We waited a grueling hour while the tires were being replaced, and rushed to Urgent Care. Almost instantly, Urgent Care called an ambulance to transport me to the neighboring emergency room. My boyfriend contacted his wing commander and any of his colleagues necessary to inform them he may not be in the next day, as his girlfriend was experiencing a health emergency (again). I spent the day having blood drawn, aching for a drop of water. The stress had rocketed my Sjogren’s, and I was in and out of feeling loss of consciousness from the dehydration coupled with pre-existing POTS. I fought my way through all my other diseases during that hospital visit, simply to figure out what was happening now. I racked my brain with why – I had been sticking to a great, organic diet, have been sleeping well, have been hydrating often…

Finally, the ER doc came in to tell me that I had not lost any significant amounts of blood, but there was no further testing he could do. Once he confirmed that my liver numbers were in acceptable ranges, he sent me on my way. Even though he had to give me morphine to calm me down and a Motrin before I left because I was growing a steady fever, I was released to walk out because I was no longer “life-threatening.” And so, again begins the nasty cycle of “well you’re not dying!” but your daily life is relatively impossible to participate in. Oh, the autoimmune frustration of being compared to fatal diseases where you should feel lucky to have something that won’t kill you, but it’ll make you feel miserable until then.

This great weekend to enjoy the company of each other and friends we haven’t seen in months turned into more time spent either on the side of a highway or in a hospital. But I have to say, I was not even surprised that that’s how such an anticipated weekend turned out. I live in a world of car tires blowing out the one time you’re in a rush, in a world of throwing up blood but a doctor tosses his hands in the air to the reason why and sends you off. My boyfriend had gotten really excited when we were an hour from town and I had even said to him, “Don’t get too excited yet. There’s still plenty of time for this to go wrong.” I’m pretty sure he made one of his “don’t be a Negative Nancy” comments, and yet there we were, 25 minutes later, sitting on the gravel off I-10.

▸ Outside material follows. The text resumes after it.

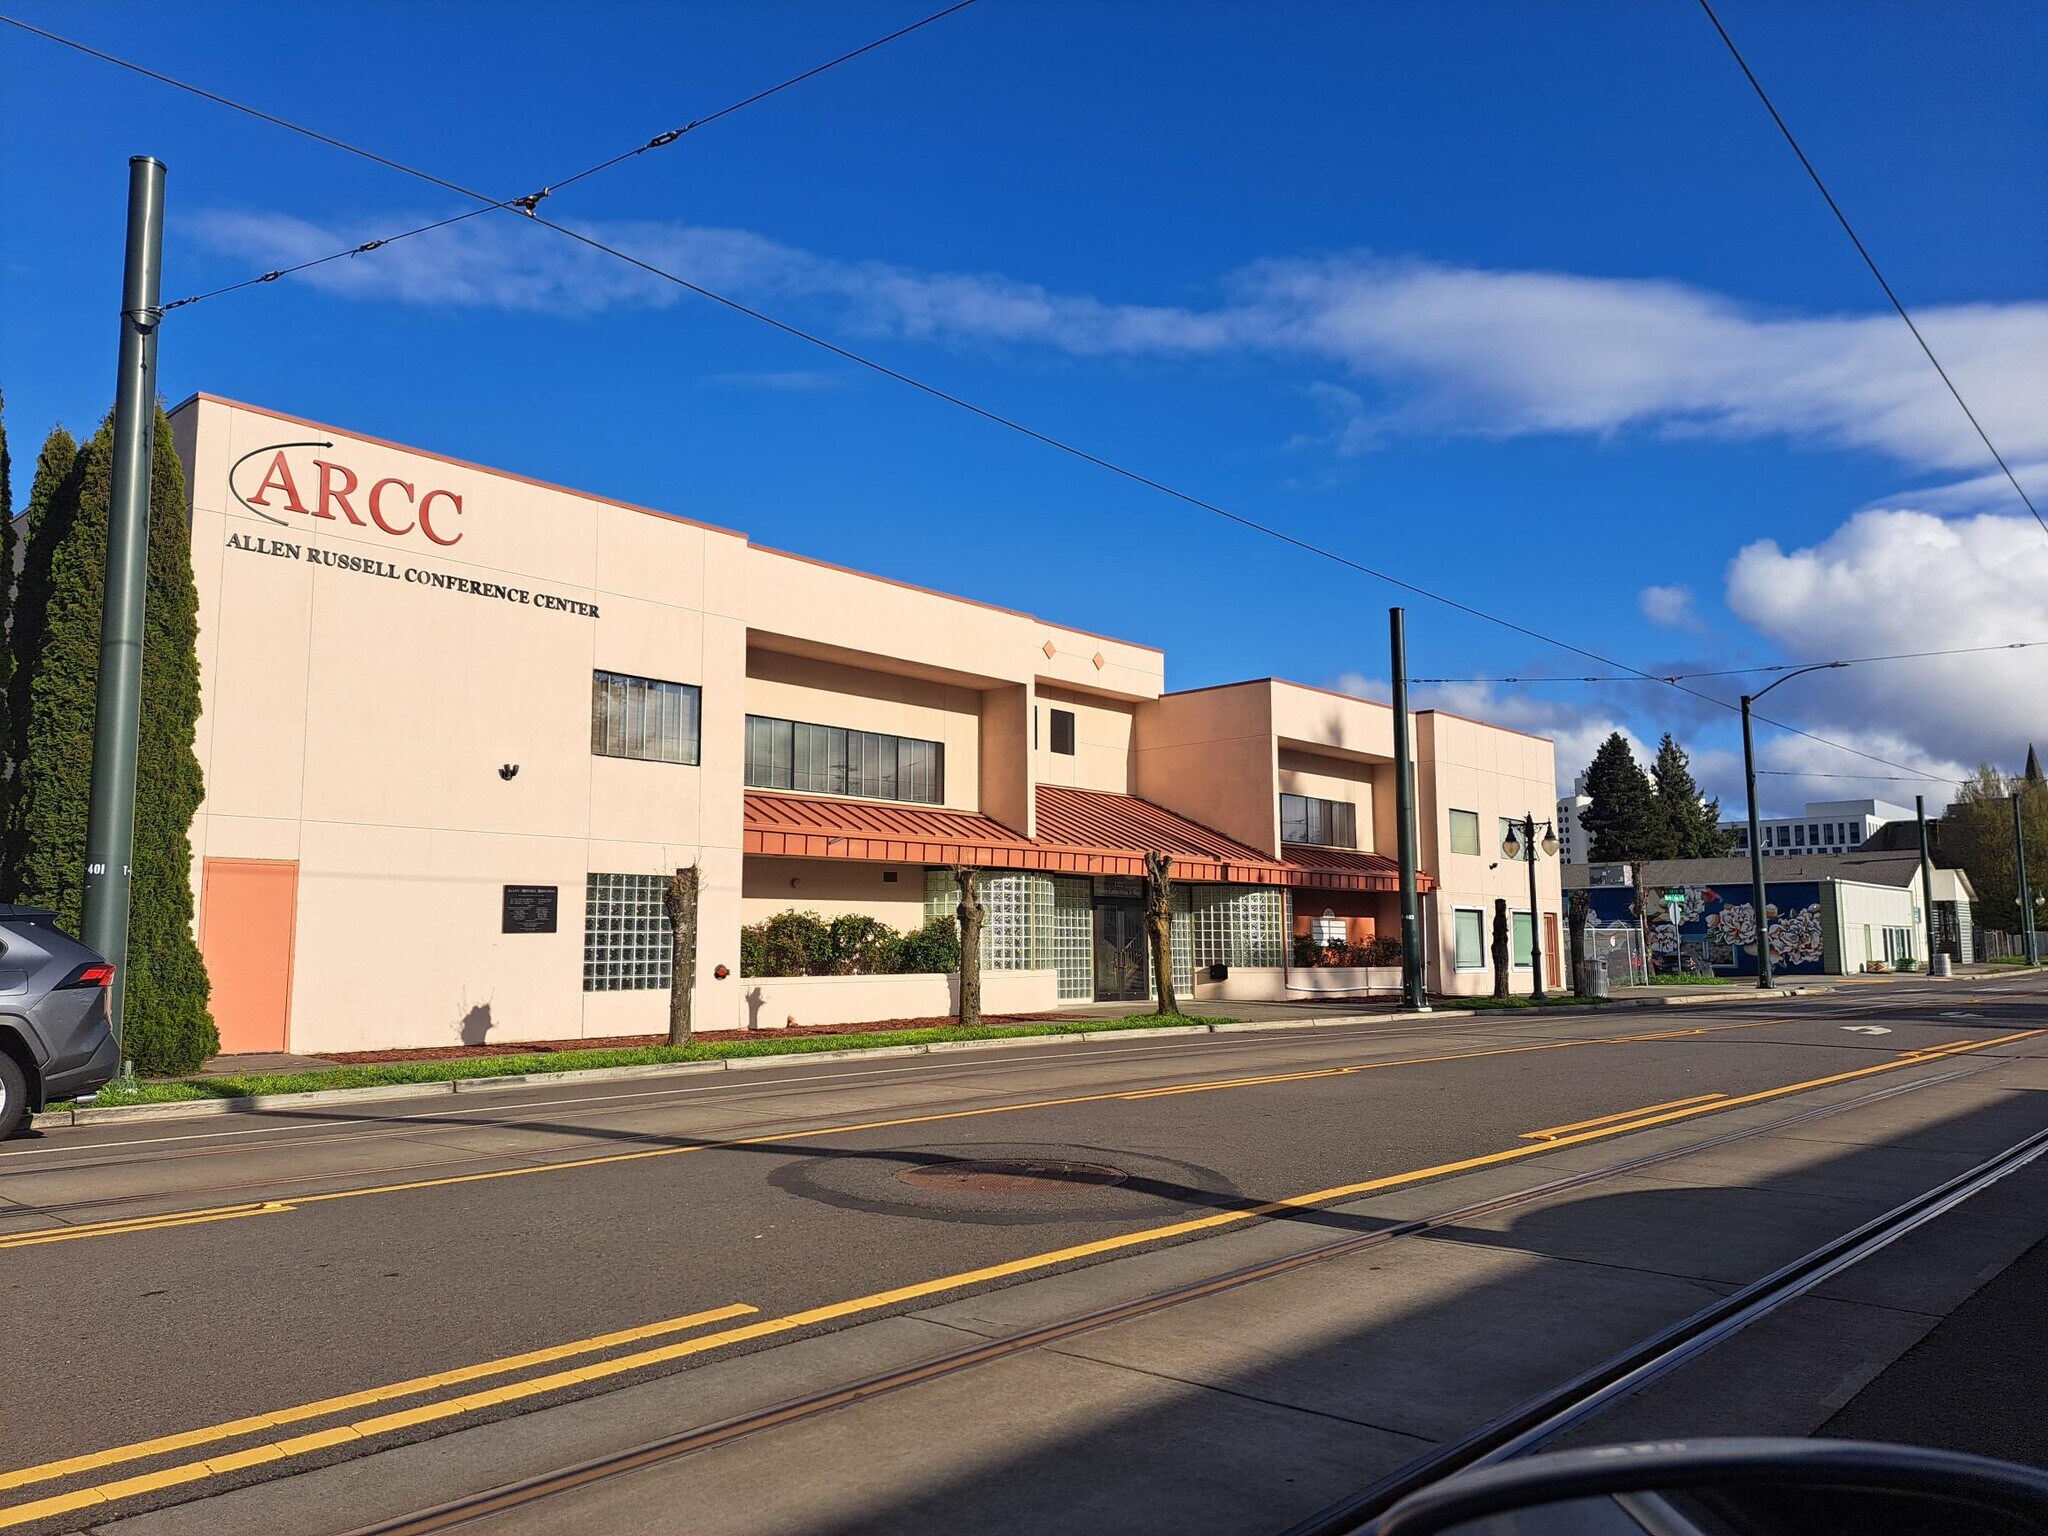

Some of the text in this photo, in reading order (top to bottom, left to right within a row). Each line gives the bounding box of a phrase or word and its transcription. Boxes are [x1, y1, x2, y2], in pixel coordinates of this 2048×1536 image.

I find myself constantly wondering if that’s pessimism or realism. But I’ve deduced that to me, it’s realism. I don’t expect things to go wrong because I want them to, or even because I just simply think that they will. I expect they’ll go wrong so I’m not disappointed. I’m a big fairy tale and glittery and get-excited-over-stupid-things type of person, so I hook onto something small and get bursts of happiness from that. So when things fall through, it really brings me down, big or small. The big things impact life, but the little things give you the push to keep enduring what you’re dealing with. I think of my realism as a defense mechanism. If something does end up working out, then I can get excited and surprised and ride that high. But if something does not end up working out, then I can nod and understand that what I planned for has happened and I need to move on.

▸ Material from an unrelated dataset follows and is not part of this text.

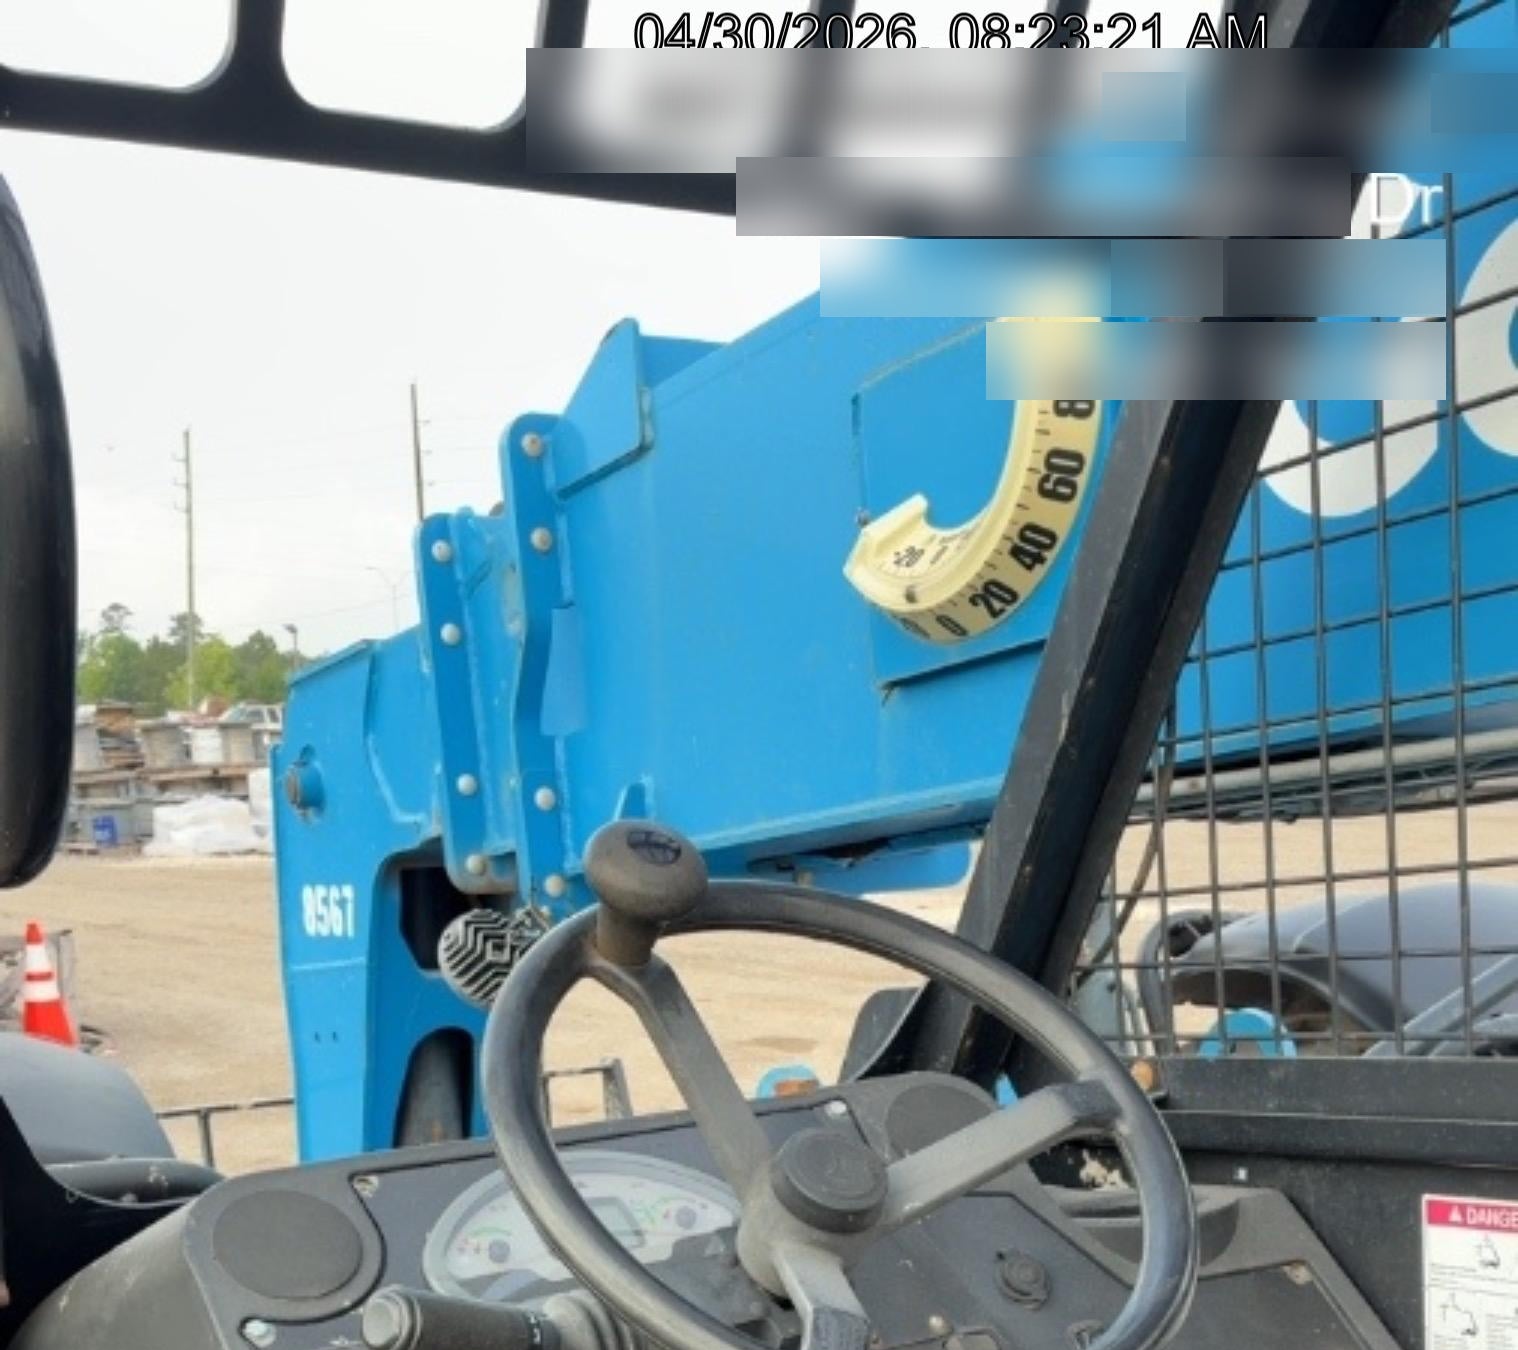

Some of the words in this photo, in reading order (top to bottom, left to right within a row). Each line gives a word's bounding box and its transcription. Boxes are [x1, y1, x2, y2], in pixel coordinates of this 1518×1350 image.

[1038, 448, 1085, 503] 60
[1010, 522, 1059, 571] 40
[968, 579, 1019, 619] 20

Everyone handles things in their own ways and for their own reasons. Sometimes I am sad for myself that my faith in fate can be so wavering at times. But I know why I think that way now. I didn’t always used to. But when you get diagnosed with three autoimmune diseases, dysautonomia, a liver condition, and painful and unexplained symptoms at 21 years old before your life can truly begin, you are unfortunately scarily aware of the unpredictability and the cruelty that life can dole out. And when those things keep happening over and over again and overshadowing the few good things, you start to expect disappointment. But to me, expecting disappointment is when you start to overcome it.